AIMS: One of the goals of our research was to examine whether specific medications used for treating hypertension are associated with the development of strokes.
METHODS: In a retrospective study of patients who were hospitalized between the years 2003-2008 due to a cerebrovascular accident (CVA) or a transient ischemic attack (TIA), 916 cases of stroke patients were reviewed. The patients were examined for the presence of background diseases including cardiovascular risk factors (hypertension, diabetes, dyslipidemia, renal failure, coronary artery disease).
RESULTS: In the study, the most common stroke type was ischemic stroke (70.2%), one quarter of the patients (24.6%) suffered from TIA, and the smallest number of patients had hemorrhagic stroke (5.2%). The study demonstrated a discrepancy between the blood pressure level that was measured in the ER and the type of stroke. Also no correlation was observed between the blood pressure level measured in the ER, and the appearance of a recurring stroke.

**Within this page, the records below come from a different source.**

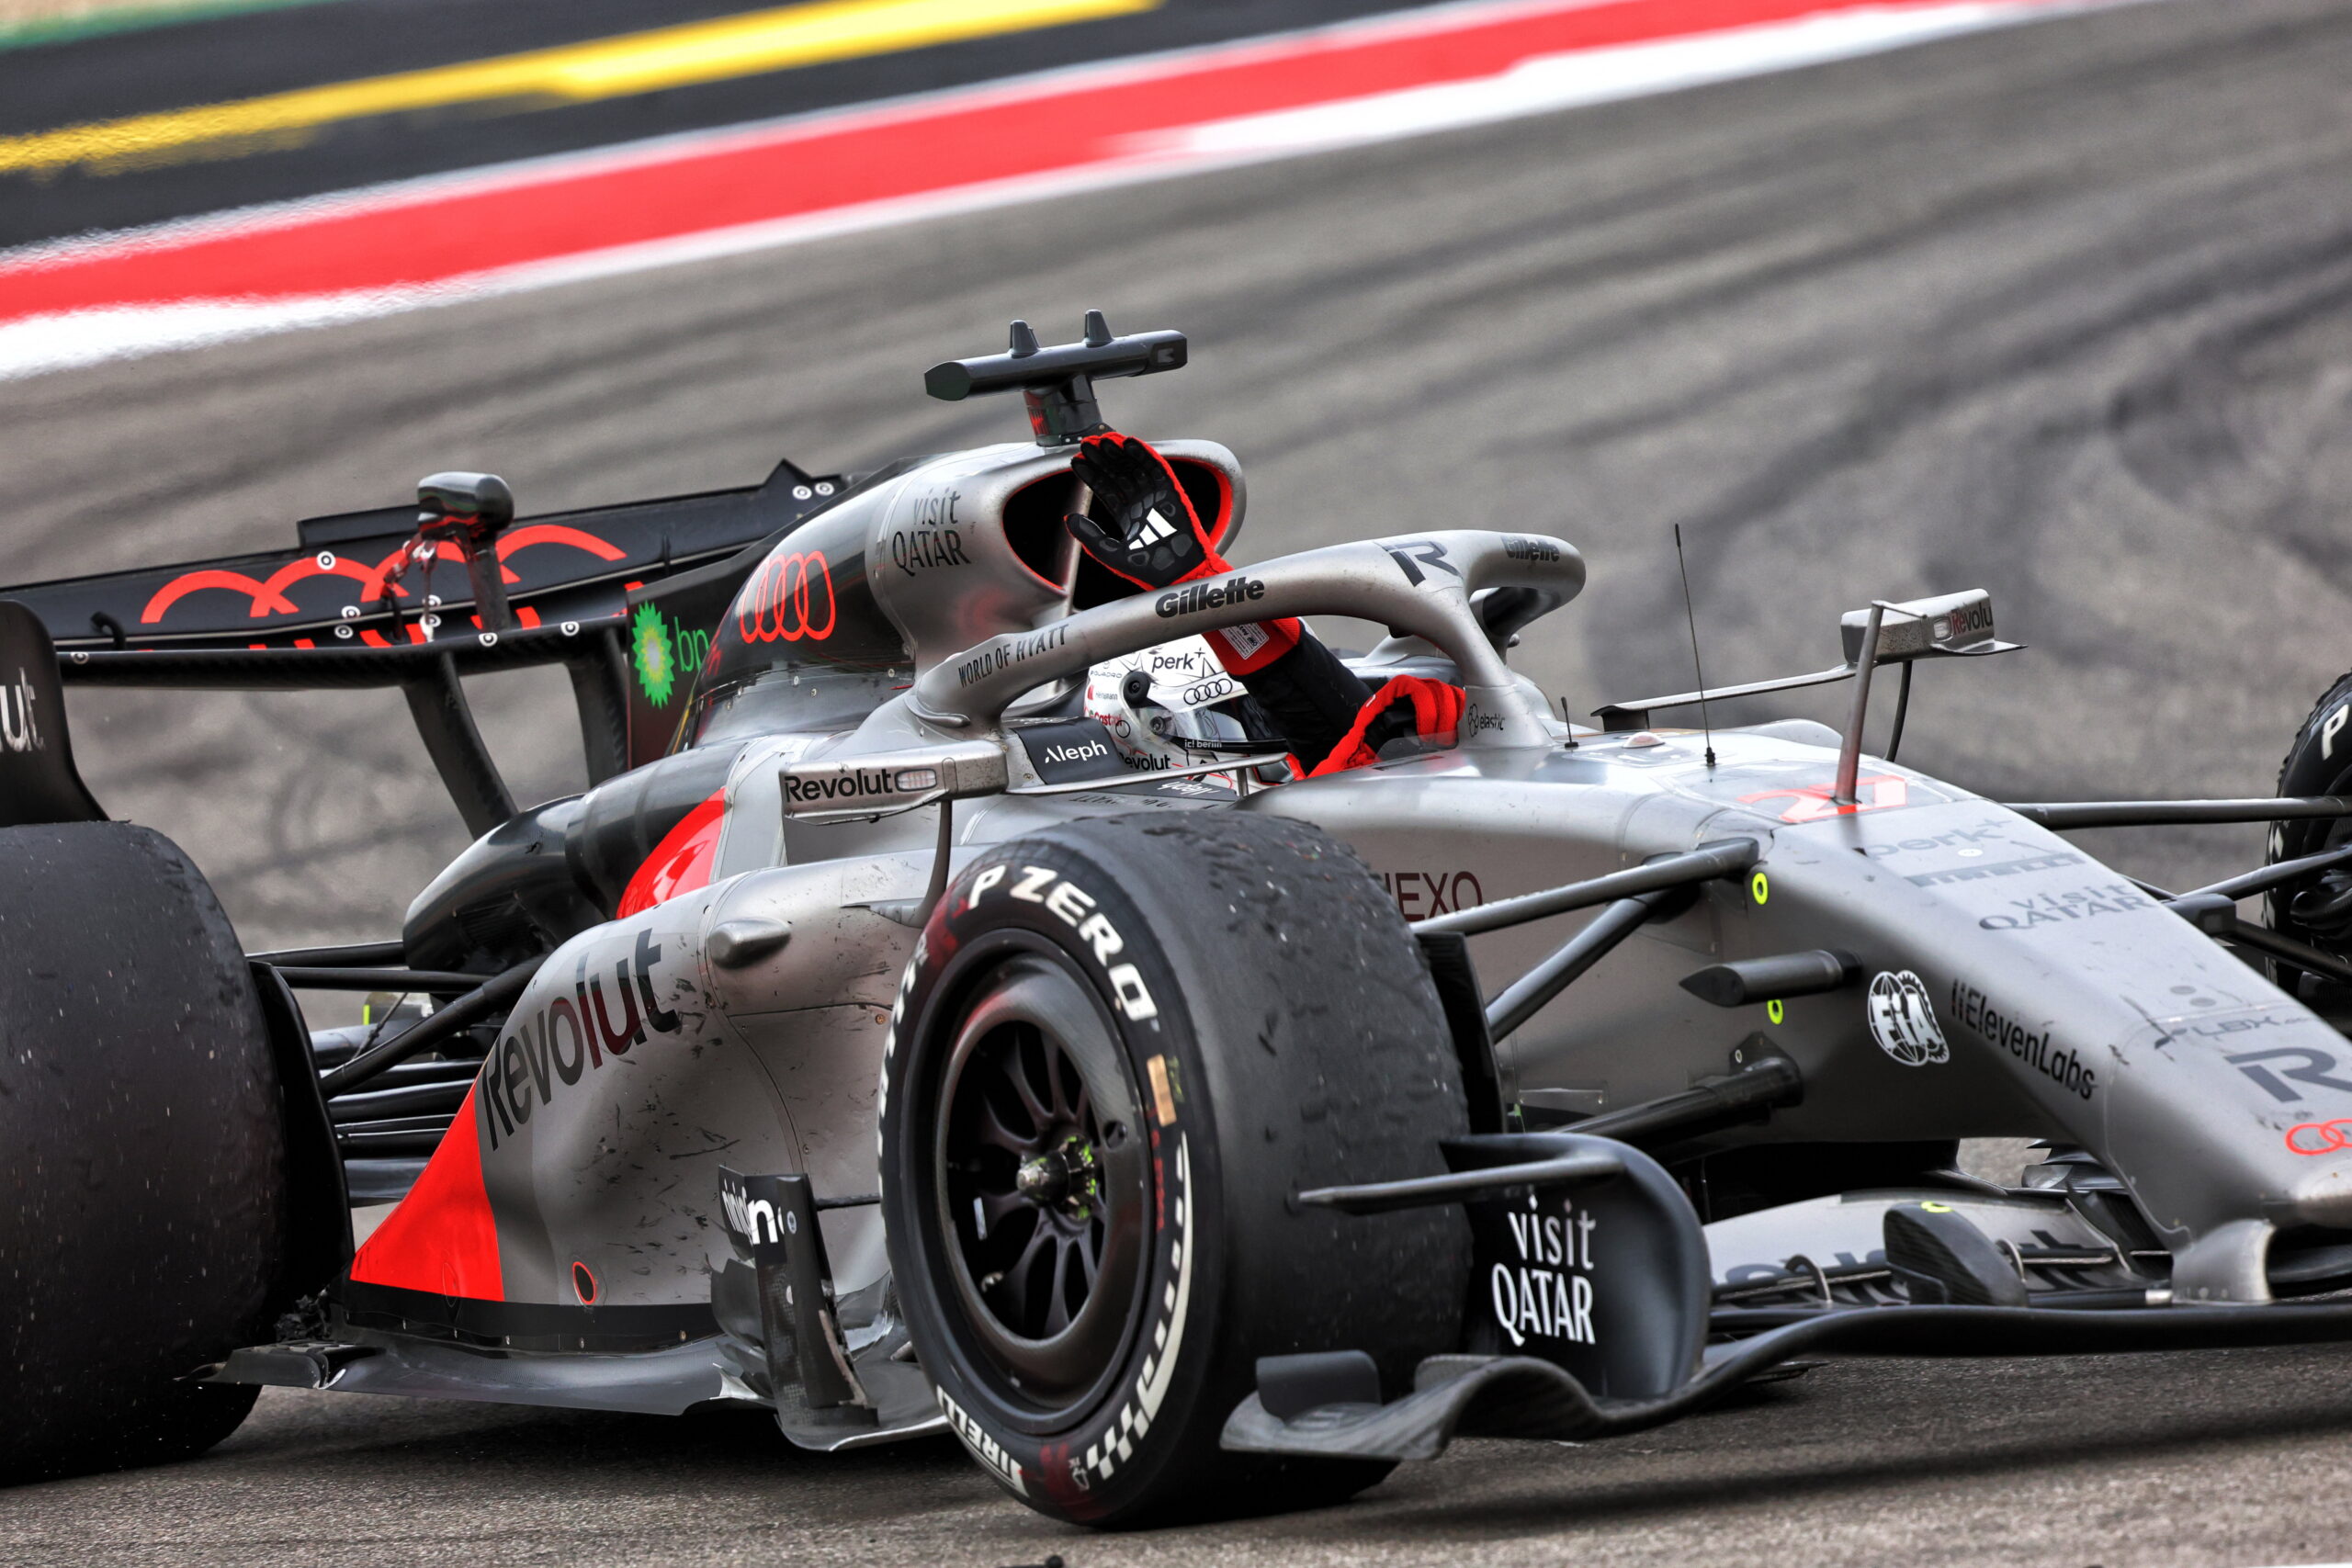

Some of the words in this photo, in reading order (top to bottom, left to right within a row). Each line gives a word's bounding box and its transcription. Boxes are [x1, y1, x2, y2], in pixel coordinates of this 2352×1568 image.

[913, 487, 961, 525] visit
[892, 530, 972, 577] QATAR
[1155, 577, 1265, 618] Gillette
[1951, 603, 1994, 636] Revolu
[958, 653, 992, 688] WORLD
[995, 644, 1012, 670] OF
[1016, 624, 1069, 661] HYATT
[0, 667, 45, 751] ut
[1480, 713, 1506, 730] elastic
[1046, 740, 1107, 763] Aleph
[2322, 705, 2349, 761] P
[1119, 753, 1170, 771] evolut
[784, 768, 893, 803] Revolut
[1979, 896, 2155, 931] QATAR
[2009, 884, 2130, 909] visit
[967, 864, 1006, 910] P
[1010, 864, 1158, 1021] ZERO
[1508, 1194, 1596, 1270] visit
[1491, 1262, 1596, 1347] QATAR

CONCLUSIONS: According to the analyzed data, no priority could be given to any of the six groups of drugs that treat hypertension in preventing a recurring event of stroke. However, the drug combinations of diuretics and ACEI, and that of CCB with ACEI were preferred to all other drug combinations. For more accurate assessment of the level of balance of cardiovascular risk factors and medications against the disease, it is necessary to extend the survey, as well as perform a prospective randomized study.